Hogmanay in Edinburgh, Scotland is one of the world’s most well-known New Year’s festivals. The voices of thousands of people singing Robert Burns’ Ol’ Lang Syne can be heard throughout the city just after midnight on New Year’s Eve each year. It’s a traditional part of Hogmanay, a multi-day New Year’s festival held annually, which follows the fireworks demonstration over Edinburgh Castle.
Whether they’re participating or spectating, nearly 167,000 people are estimated to visit Edinburgh in the days around Hogmanay, December 30th to January 1st. With only 17% of attendees being Edinburgh locals, thousands of people descend onto the city to participate in 18 events. The most popular ones are the Torchlight Procession, New Year’s Eve Street Party, Hogmanay in the Garden, Ceilidh Under the Castle, and Loony Dook.

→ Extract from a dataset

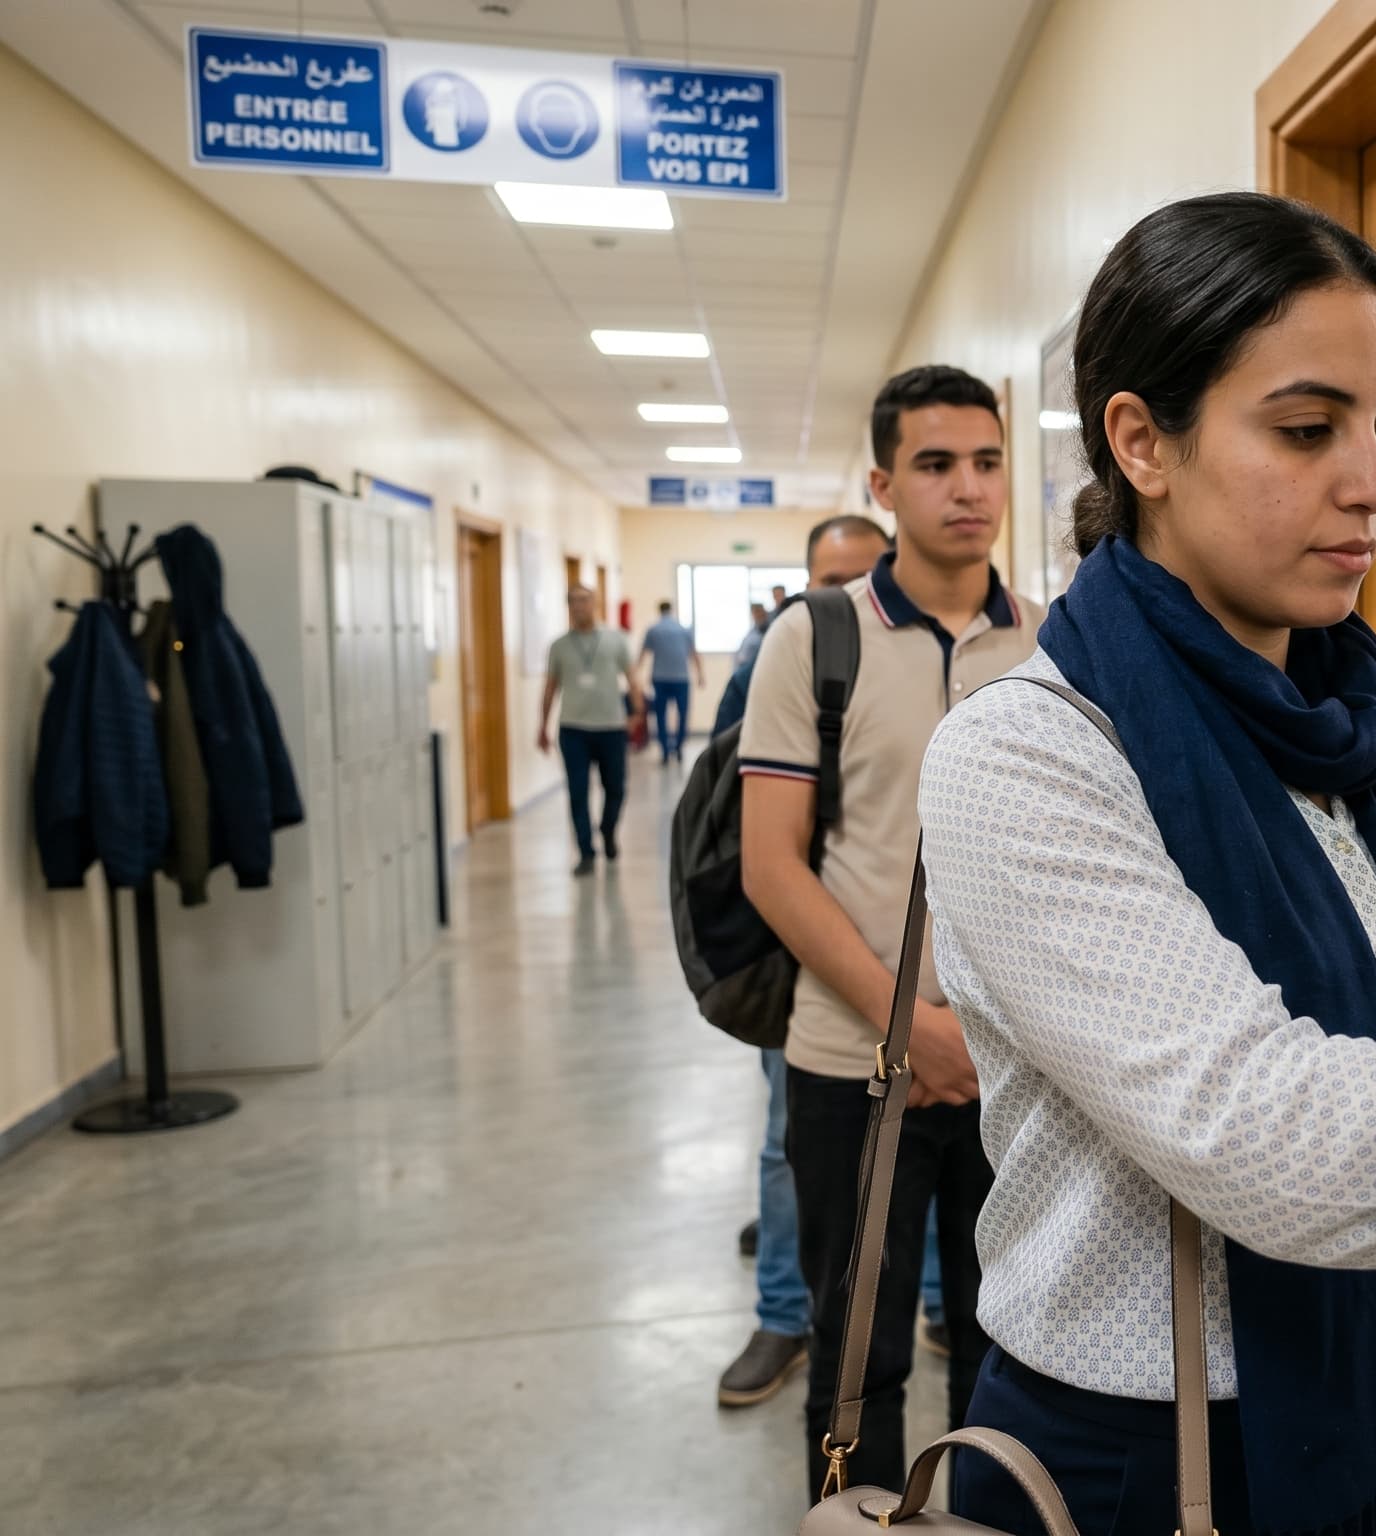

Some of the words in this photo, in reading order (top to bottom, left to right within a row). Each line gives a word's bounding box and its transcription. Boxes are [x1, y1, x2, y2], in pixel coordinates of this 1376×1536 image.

While the Street Party, Hogmanay in the Gardens, and Ceilidh (pronounced kei-lee) are not always appropriate for children, there are events targeted toward families, such as Bairns Afore on New Year’s Eve and First Footers Family Ceilidh. So, Hogmanay is a festival that can be enjoyed by every member of the family!

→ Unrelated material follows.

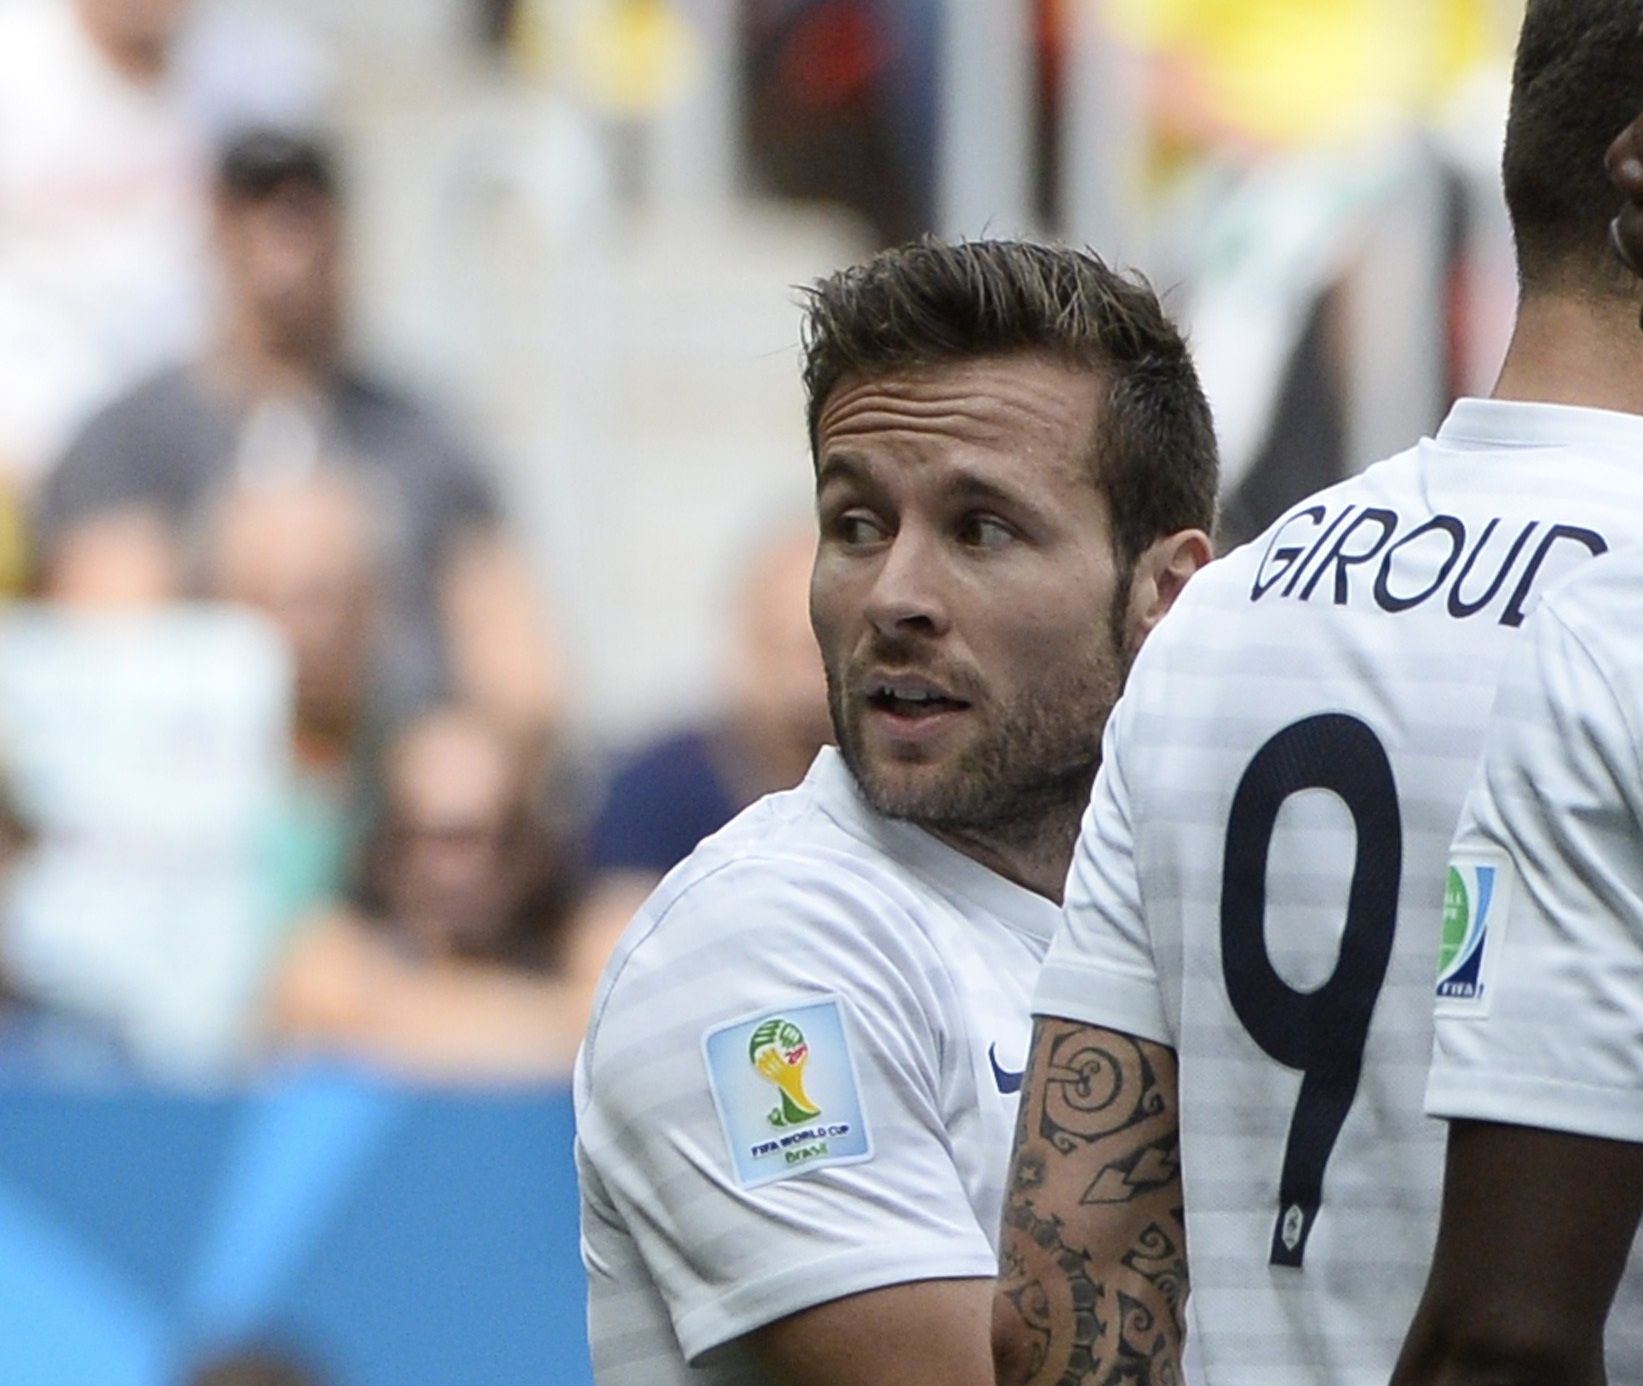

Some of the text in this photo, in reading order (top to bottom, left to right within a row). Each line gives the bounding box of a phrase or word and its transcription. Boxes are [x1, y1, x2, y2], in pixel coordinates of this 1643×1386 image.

[1221, 714, 1402, 1268] 9
[751, 1124, 850, 1158] FIFA WORLD CUP

But what’s Loony Dook? Well, you can don your bathing suit, fancy dress, or crazy outfit on January 1st and take the plunge into the Firth of Forth in South Queensferry. This annual freezing swim raises money for the Royal National Lifeboat Institution.
Each time I’ve visited Hogmanay, the experience has been unique. Those New Year’s Eves are cherished memories. However, with hiccups along the way, in this complete guide to Hogmanay, I share the lessons I’ve learned so you can have the best Hogmanay experience this New Year’s Eve!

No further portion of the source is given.